The Michigan Daily discovered in February of 2007 that several articles written by arts writer Devika Daga did not meet the newspaper’s standard of ethical journalism. Parts of these stories had been plagiarized from other sources. The article below contains several passages from opuszine.com, and the Daily no longer stands by its content.
In another life, Bracken’s founder Chris Adams was the co-captain of the U.K. experimentalist group Hood. In what seems like a true reincarnation, the Leeds native returns to the music scene as a less-soused version of The Books with his first album We Know About the Need.
Adams’s debut treads the rarely walked line between electronic and organic, and often it can make for a frustrating listen. Indeed, it seems like Adams is interested in seeing just how far he can push his laptop to distort and fracture his sound banks, to send them skittering around scattershot-like.
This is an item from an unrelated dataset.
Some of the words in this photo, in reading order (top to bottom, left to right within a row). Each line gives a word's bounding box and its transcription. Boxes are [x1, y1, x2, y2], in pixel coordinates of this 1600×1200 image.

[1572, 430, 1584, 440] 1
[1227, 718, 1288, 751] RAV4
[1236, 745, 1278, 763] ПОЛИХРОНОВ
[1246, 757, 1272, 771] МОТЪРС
Given Adams’s own description of the Bracken project as “an attempt to sound exactly like a pop band being frozen solid and then shattered into a million pieces,” this shouldn’t be much of a surprise.
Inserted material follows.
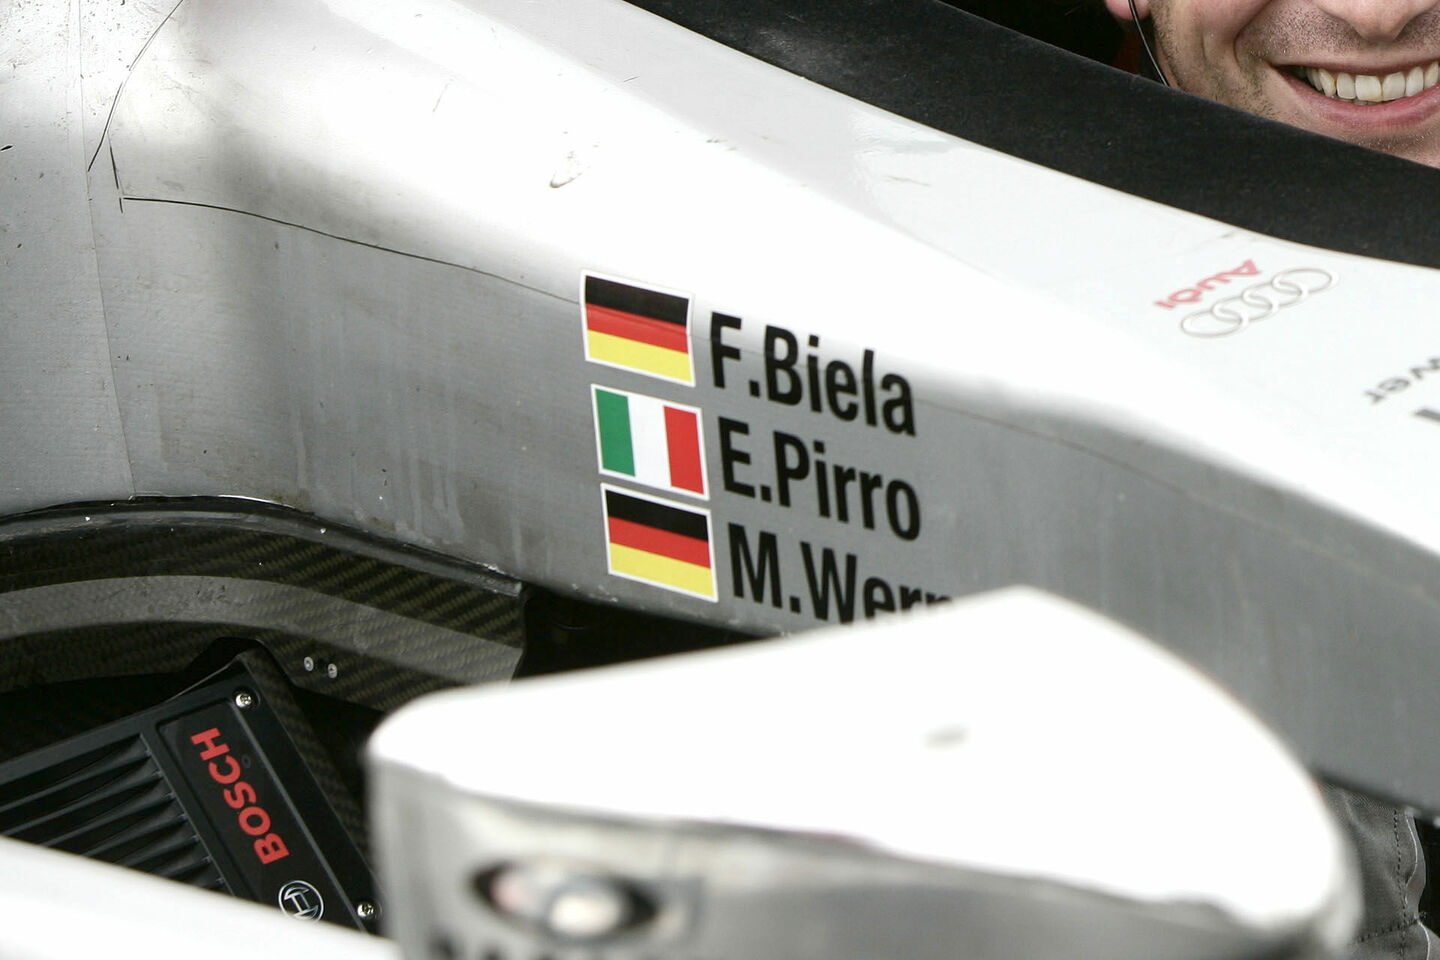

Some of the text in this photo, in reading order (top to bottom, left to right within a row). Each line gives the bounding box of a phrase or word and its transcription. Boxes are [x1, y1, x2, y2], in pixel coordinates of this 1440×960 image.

[710, 311, 916, 437] F.Biela
[718, 416, 921, 541] E.Pirro
[190, 727, 291, 865] BOSCH
But upon closer inspection, the glitch-addled elements of We Know About the Need tend to blend together into a mass of twitching, shivering sound. When Adams harnesses all of the epileptic rhythms and puts them in the service of actual songs, the results can be quite fascinating.
In the lead track, “Of Athroll Slains,” for example, Adams throws the listener headfirst into a head-nodding beat textured with bloops, beeps and squelches of strings. His weary voice comes through in the background and accentuates the heavy bass and orchestra. The beauty of the track lies not in Adams’s lyrics – which are hardly decipherable – but in his ability to hold each sound together.
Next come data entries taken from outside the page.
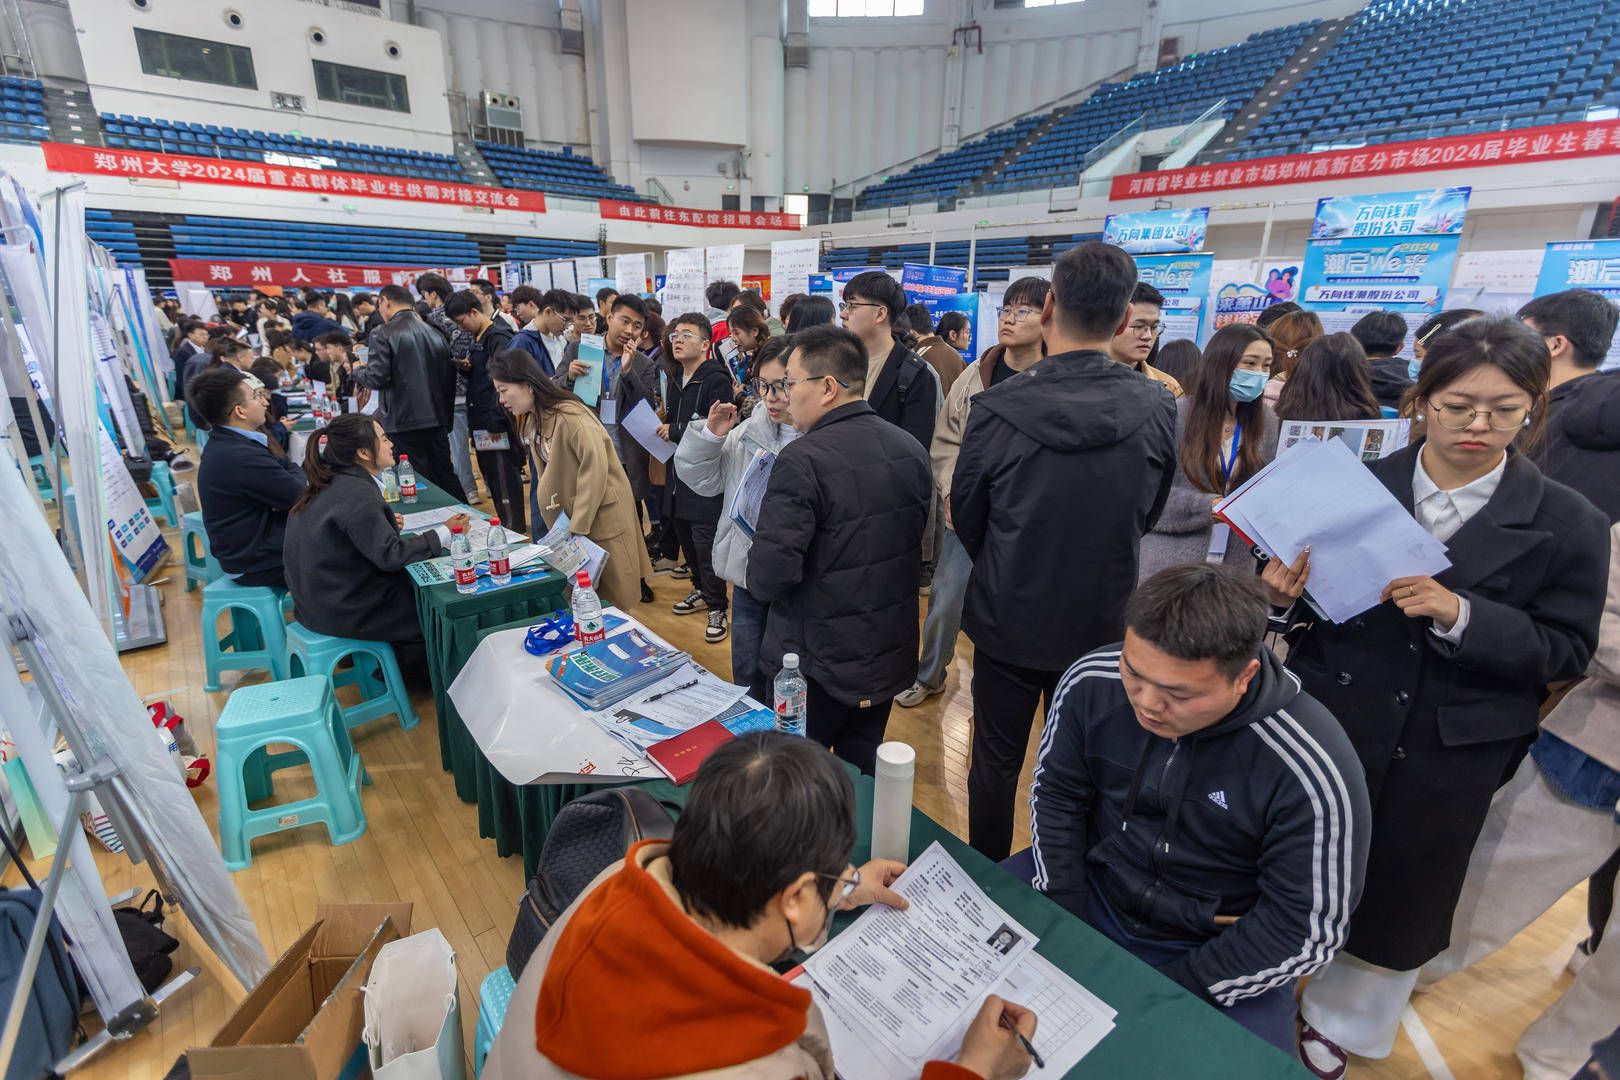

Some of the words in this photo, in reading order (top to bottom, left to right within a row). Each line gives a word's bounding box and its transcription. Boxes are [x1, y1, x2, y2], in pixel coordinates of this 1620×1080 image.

[94, 152, 520, 208] 郑州大学2024届重点群体毕业生供需对接交流会
[618, 204, 782, 227] 由此前往东配馆招聘会场
[1355, 202, 1421, 221] 万向钱潮
[1117, 224, 1190, 242] 万向集团公司
[1352, 219, 1415, 236] 股份公司
[1399, 242, 1440, 253] 2024
[1319, 290, 1420, 300] 万向钱潮股份公司
Shards of a kaleidoscopic guitar bounce around within “Fight Or Flight’s” framework, dancing about like light reflections on a darkened bedroom wall and lending the song a unique airiness.
“Back On the Calder Line” winds down the album with its most haunting moments, bits of guitar caught in a downward spiral that circle around Adams’s tentative voice. The song as a whole strikes a mournful tone heightened by a wavering organ and vocal cries evoke scenes from Middle Eastern minarets and bazaars.
There are moments where the lines between all of these fascinating snippets simply blur together, turning into something out of focus, indistinct and smudged. Depending on your mood, We Know About the Need could be impenetrable and obtuse – or completely ephemeral and otherworldly.
Rating: 3 out of 5 stars.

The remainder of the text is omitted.